During this stage of the counseling, the HCPs can use motivational interviewing to move patients and parents to the next stages of change; first to the stage of action and possibly in the maintenance stage. The goal of this approach is to bring the child and his parents to make decisions based on their values and their resources, rather than to tell them what to do, as is sometimes the case with the traditional approach [13-15]. The motivational interviewing approach includes the following components:
- Ask the permission to the young and his parents to discuss the issue with the child and their parents. The objective is to provide our support and appropriate information to the patient and his parents.
- Building the report by using active listening, HCPs, seeks to understand the motivations, values and the barriers to change of the patient and his family; the objective is to establish a relationship of trust with them in order to obtain their cooperation.
- Encourage discussion on the changes by guiding the conversation towards the possibility of a change in behaviour; list the positive arguments offered by the patient and his parents and promote other positive arguments. The HCPs must not oppose resistance to the changes proposed by the patient or his parents and should encourage them to propose other solutions, as necessary;
- Guide the conversation towards the realisation of a change and guide the patient and his parents through their change planning in discussing realistic steps and follow-up
Motivational interviewing is a strategy to help patients and their parents to think differently their behaviours and to consider what can be earned by a change. This interview is considered safe and effective for the modification of behaviours associated with obesity [13-15] and is also appropriate for the management of T2DM in pediatric patients. It is based on clarifying expectations, while helping patients and parents to appreciate the values of change and explore the differences between what they think and the reality [13-15]. In addition, motivational interviewing allows building a good patient-doctor relationship, including expressing empathy and congratulating children and parents for good actions towards a positive change in behavior and finding solutions towards failure to achieve appropriate change [13-15].
Assess
Assessment of a child overweight or obese and a child with T2DM should include a complete medical history, a general physical examination, completed by appropriate laboratory tests.

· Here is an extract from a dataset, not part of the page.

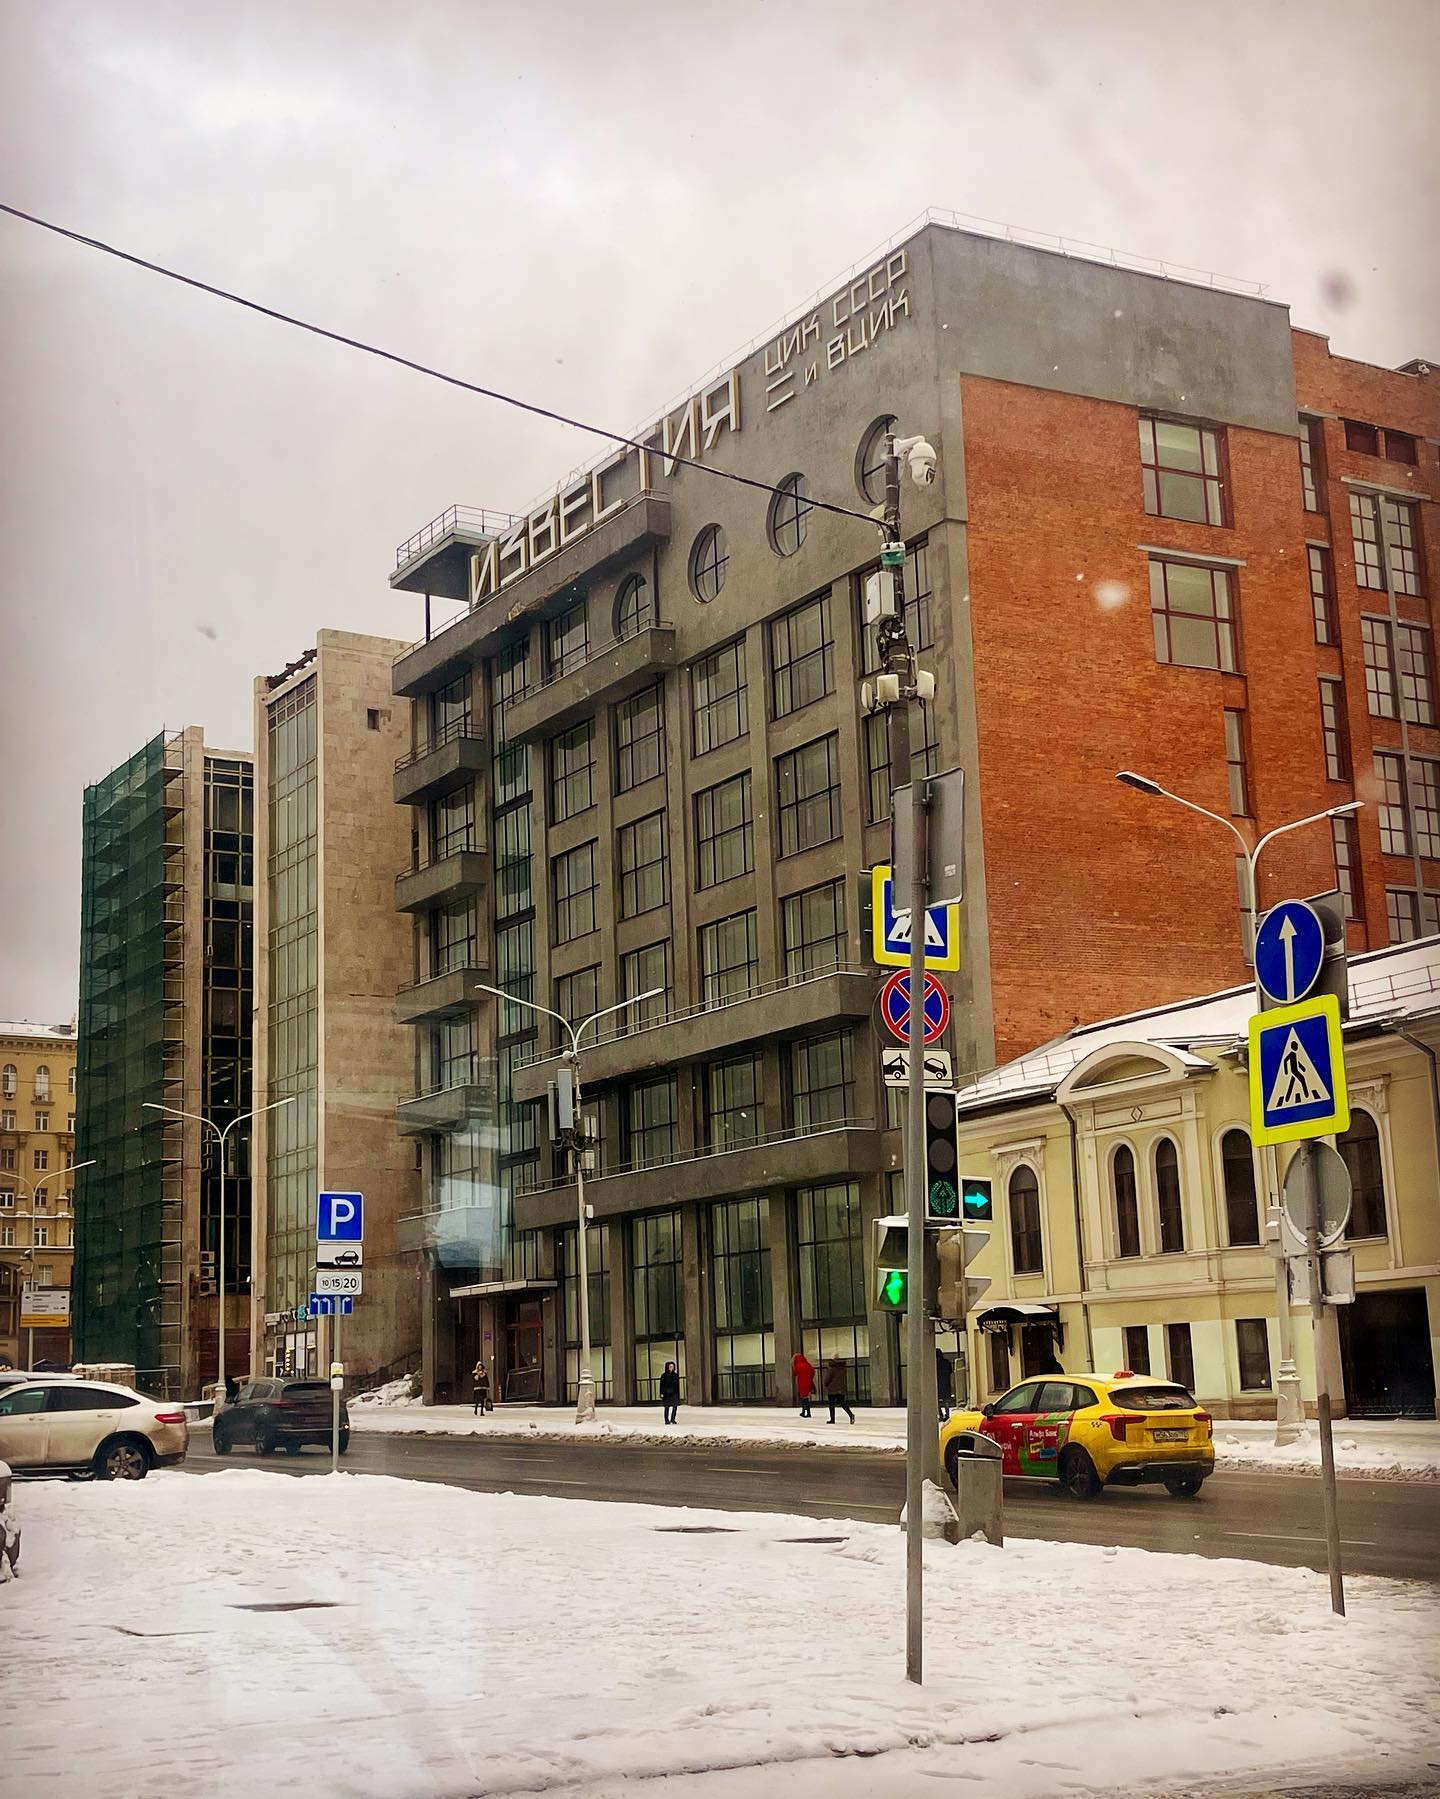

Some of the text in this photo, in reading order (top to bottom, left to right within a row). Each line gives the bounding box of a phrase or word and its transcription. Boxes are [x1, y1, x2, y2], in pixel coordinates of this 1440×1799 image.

Indeed, some children and adolescents present frequently with T2DM-related symptoms including polyuria, polydipsia, tiredness, blurred vision, vaginal moniliasis, and weight loss. The evaluation should include a history of the development of the child, including growth profile, weight gains, compared with the history of growth of parents, a child psychosocial history, including depression, disorders of food, quality of life, self-esteem, as well as a detailed history of risk factor without forgetting the family history of T2DM [10, 12]. The risk factors for the development of T2DM in children discussed earlier should be part of the assessment (see article # 2). Assess if periods are regular, are they painful or heavy, and does the girl suffer from excessive body hair. Consider the risk for obstructive sleep apnoea and assess if there is any nighttime snoring or daytime sleepiness. Other health problems related to obesity include orthopaedic problems such as slipped upper femoral epiphysis; pancreatitis, cholecystitis, and idiopathic intracranial hypertension [13-15].
The medical history should also include the medication list including the, antidepressants and antipsychotic agents and others and those that the mother took during pregnancy, as well as the description of the socio-economic and environmental factors, including home, school and the community environment. The involvement of parents is critical to the assessment of the child and is used to validate the information gathered with the youth [13-15].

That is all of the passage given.